When I think about the young people who go to Camp Ten Oaks and Project Acorn (Ten Oaks’ other camp for youth), my heart is filled with so much joy. These young people can experience community, belonging and live their truths.

That time I hated dresses and only wanted to play baseball.

That time I hated dresses and only wanted to play baseball.

I think of the Jenna of my past and how my life would’ve been so different if I had a place like Camp Ten Oaks or Project Acorn to call home. Perhaps I would’ve seen a different future for myself at a younger age, which would’ve helped me accept all the pieces of my story sooner.

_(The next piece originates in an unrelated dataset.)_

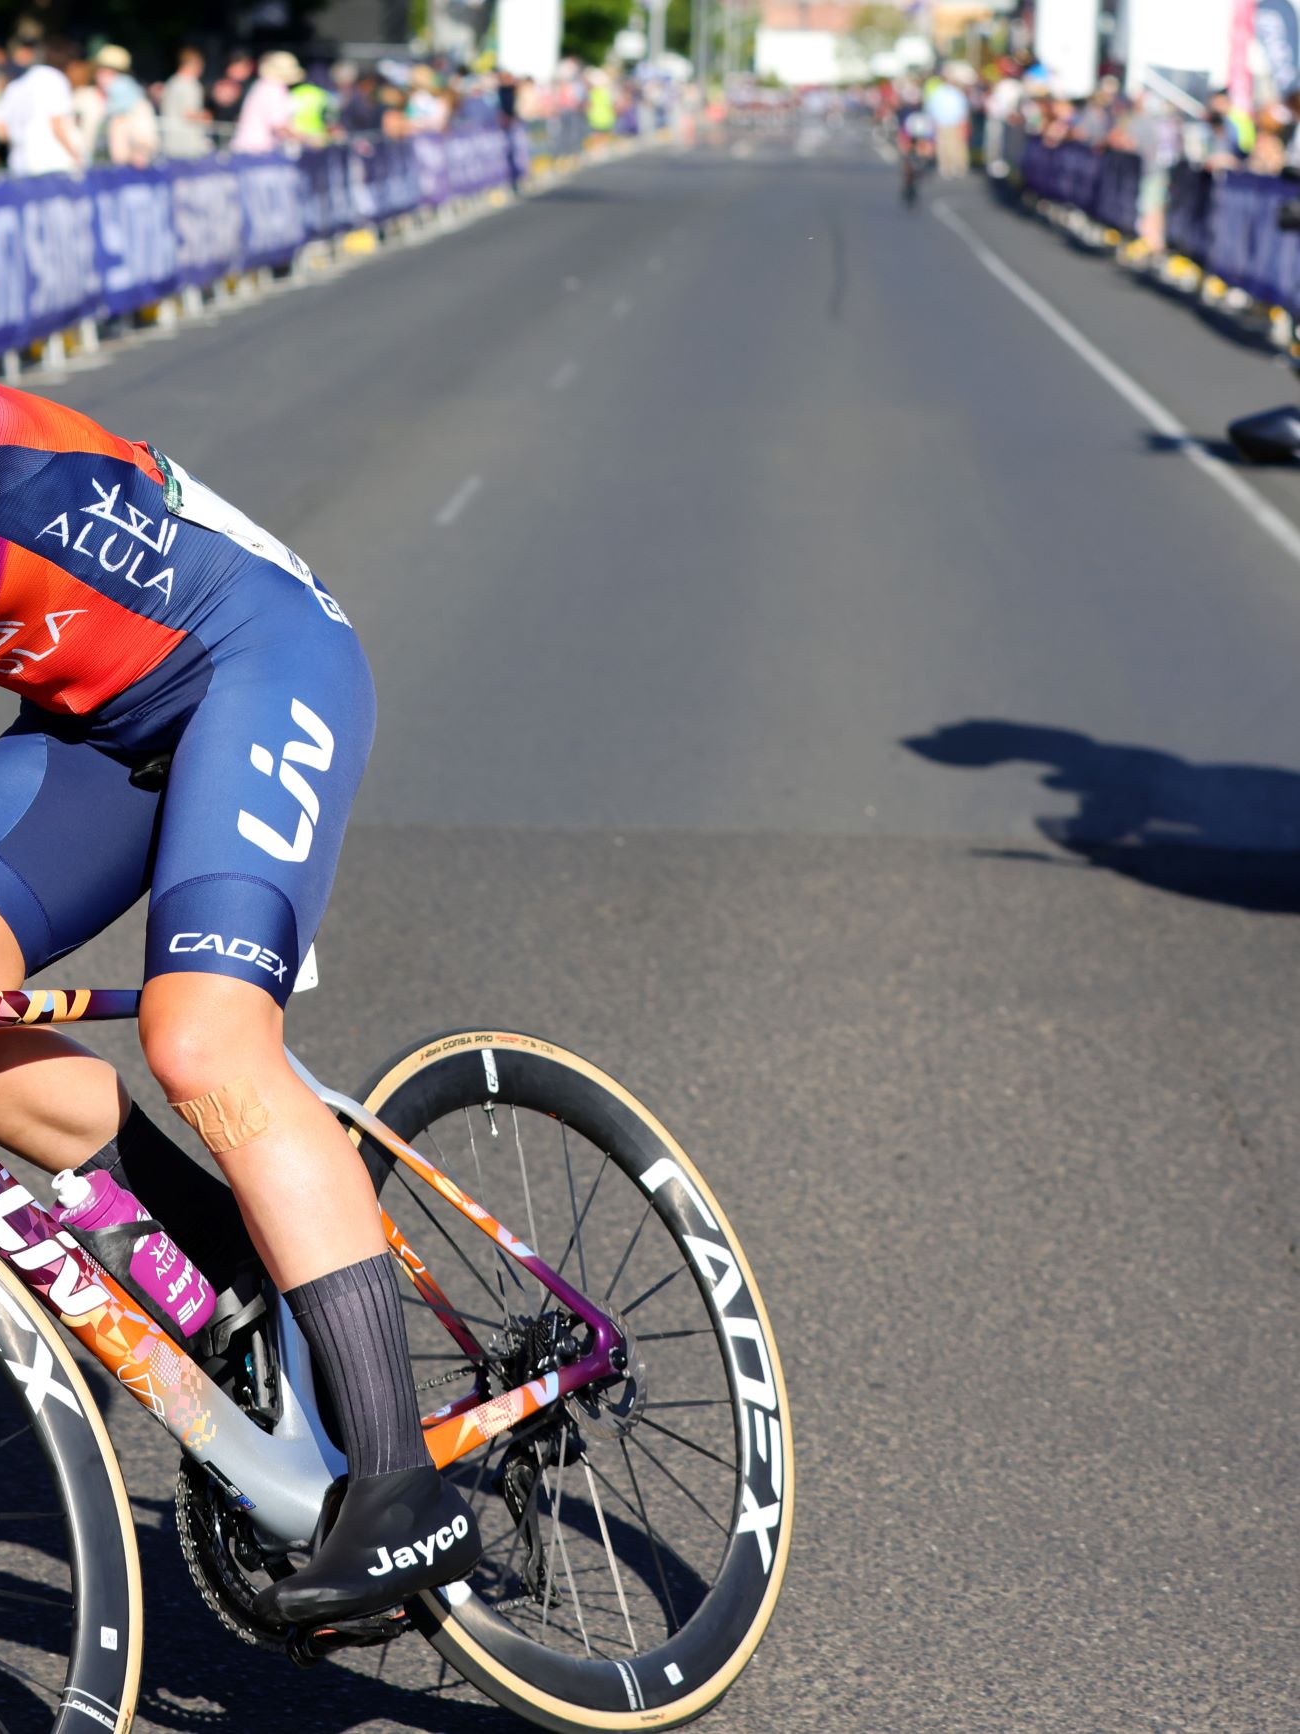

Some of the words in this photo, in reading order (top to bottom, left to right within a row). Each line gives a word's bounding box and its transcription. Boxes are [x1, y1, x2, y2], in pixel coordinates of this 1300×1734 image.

The sooner these young people can experience this freedom, acceptance and belonging, the sooner they can blossom into the beautiful roses they are meant to be.

Ten Oaks’ bowl-a-thon fundraiser is also coming up on March 21. The group is hoping to raise $40,000 to help send kids to camp. This year’s bowl-a-thon will help subsidize camper registration fees (80 per cent of participants access the sliding scale) and send 10 extra participants to camp.

Please support my bowling team, the Team Players here, so we can help send children and youth like Rose to camp. I’ll write you a personalized haiku or poem based on how much you donate!

On another awesome note, I know I know I know you want to hear this news. Tegan and Sara have also donated several prizes to our bowl-a-thon, including an autographed poster, varsity jacket and a rare vinyl box set collection. You can check out the awesome awesome swag here!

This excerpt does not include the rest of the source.